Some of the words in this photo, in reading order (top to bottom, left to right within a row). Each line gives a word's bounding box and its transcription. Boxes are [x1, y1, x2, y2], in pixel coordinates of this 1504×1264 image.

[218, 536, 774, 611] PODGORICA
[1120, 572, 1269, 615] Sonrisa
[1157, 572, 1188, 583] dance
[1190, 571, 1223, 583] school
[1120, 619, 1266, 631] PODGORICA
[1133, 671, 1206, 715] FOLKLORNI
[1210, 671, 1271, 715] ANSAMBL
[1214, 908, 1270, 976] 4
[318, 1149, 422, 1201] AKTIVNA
▬▬▬▬▬▬▬▬▬▬
> **What the task requires**
Output the entries above word for word.

> **Output of the task**
Some of the words in this photo, in reading order (top to bottom, left to right within a row). Each line gives a word's bounding box and its transcription. Boxes are [x1, y1, x2, y2], in pixel coordinates of this 1504×1264 image.

[218, 536, 774, 611] PODGORICA
[1120, 572, 1269, 615] Sonrisa
[1157, 572, 1188, 583] dance
[1190, 571, 1223, 583] school
[1120, 619, 1266, 631] PODGORICA
[1133, 671, 1206, 715] FOLKLORNI
[1210, 671, 1271, 715] ANSAMBL
[1214, 908, 1270, 976] 4
[318, 1149, 422, 1201] AKTIVNA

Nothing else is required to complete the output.